**WORK INSTRUCTIONS:** Reproduce, with no alteration, the span of lines that begins at the line containing "this 1288×966 image." and ends at the last line of the records, both ends included, and nothing else.

### SOURCE MATERIAL

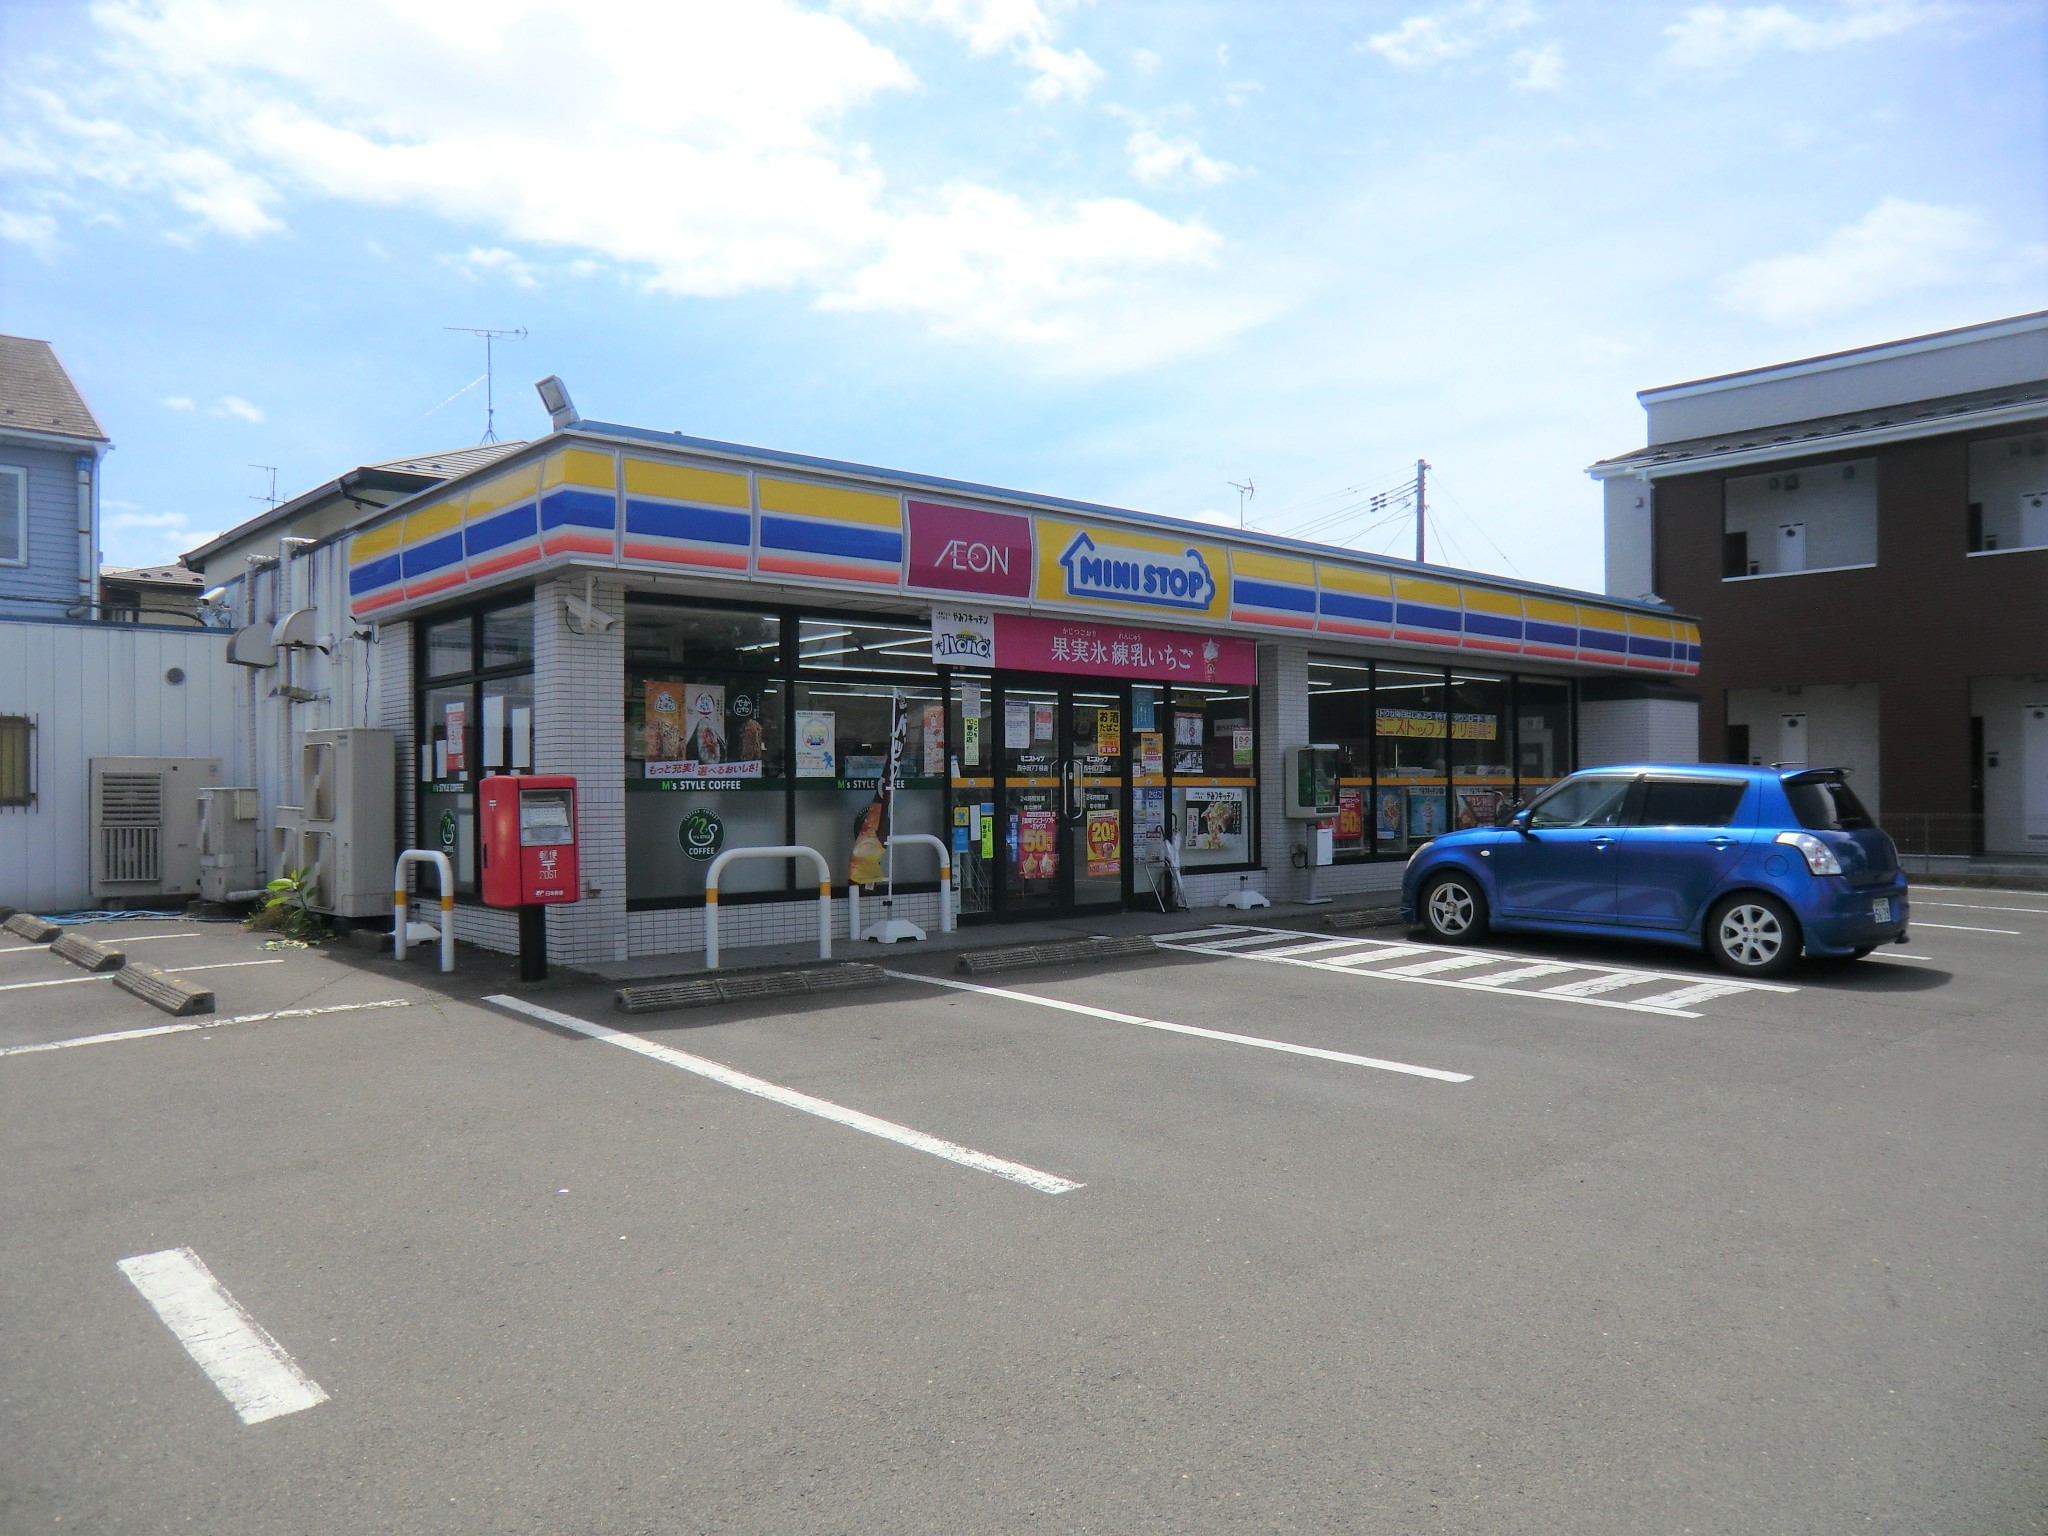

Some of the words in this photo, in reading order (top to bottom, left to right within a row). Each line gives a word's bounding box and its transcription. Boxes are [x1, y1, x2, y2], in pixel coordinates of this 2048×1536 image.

[1080, 555, 1140, 591] MINI
[1143, 567, 1204, 599] STOP
[1062, 627, 1097, 637] かじつこおり
[1118, 632, 1142, 642] れんにゅう
[1099, 724, 1120, 732] たばこ
[1020, 755, 1046, 763] ミニストップ
[1086, 755, 1109, 763] ミニストップ
[439, 783, 450, 792] STYLE
[661, 780, 677, 790] M's
[680, 780, 706, 790] STYLE
[708, 780, 741, 790] COFFEE
[837, 780, 850, 789] M's
[853, 780, 875, 789] STYLE
[1091, 822, 1110, 842] 20
[1022, 829, 1046, 853] 50
[688, 847, 715, 855] COFFEE
[539, 869, 558, 880] POST
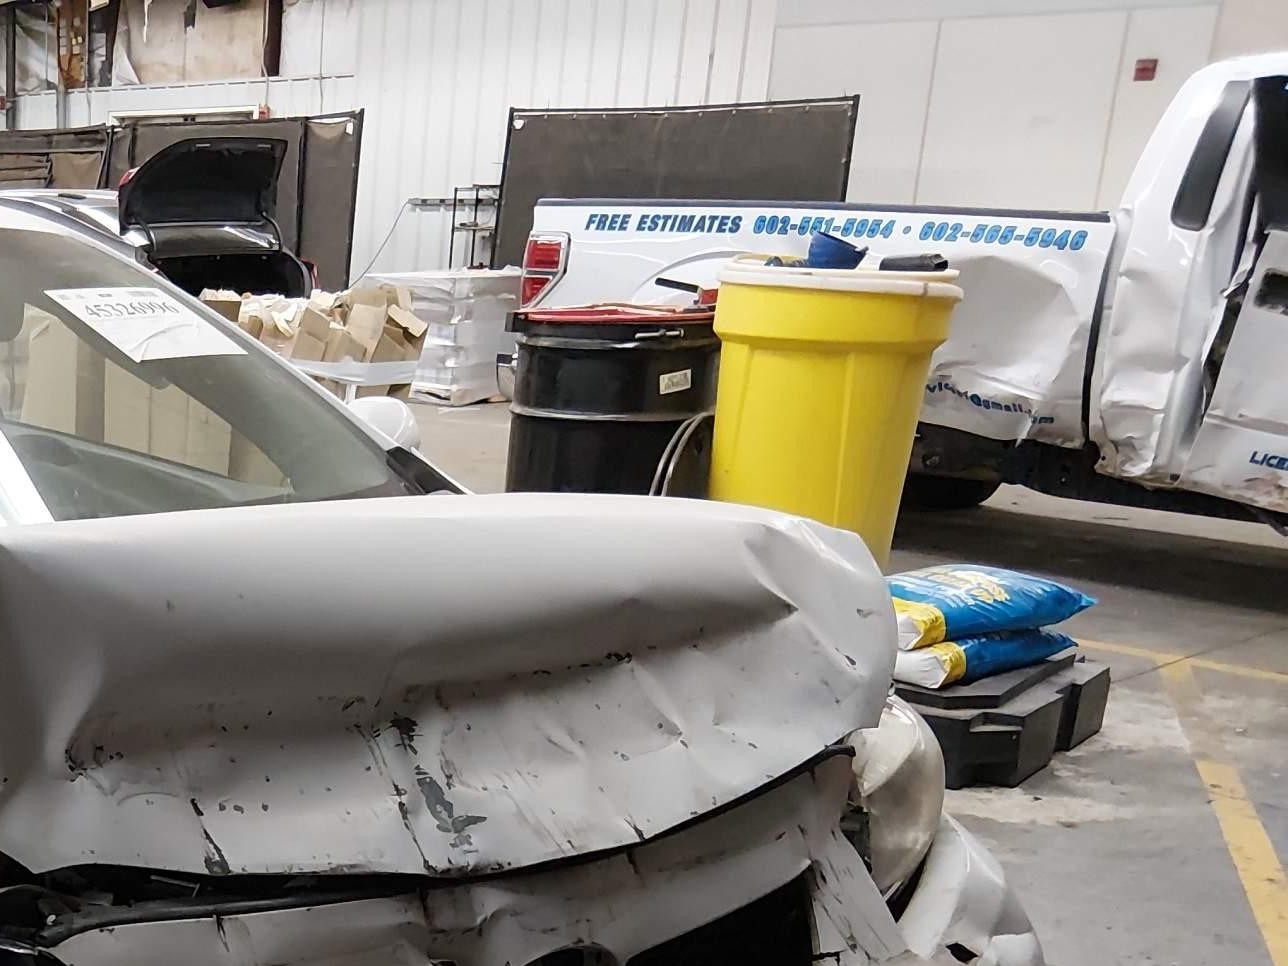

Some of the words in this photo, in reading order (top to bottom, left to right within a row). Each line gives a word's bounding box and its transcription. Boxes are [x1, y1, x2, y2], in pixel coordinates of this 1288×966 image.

[584, 213, 632, 231] FREE
[636, 214, 743, 233] ESTIMATES
[752, 215, 896, 239] 602-551-5954
[919, 221, 1088, 250] 602-565-5946
[85, 301, 180, 319] 45326996

######

**SOLUTION FOR THIS PROBLEM:**
Some of the words in this photo, in reading order (top to bottom, left to right within a row). Each line gives a word's bounding box and its transcription. Boxes are [x1, y1, x2, y2], in pixel coordinates of this 1288×966 image.

[584, 213, 632, 231] FREE
[636, 214, 743, 233] ESTIMATES
[752, 215, 896, 239] 602-551-5954
[919, 221, 1088, 250] 602-565-5946
[85, 301, 180, 319] 45326996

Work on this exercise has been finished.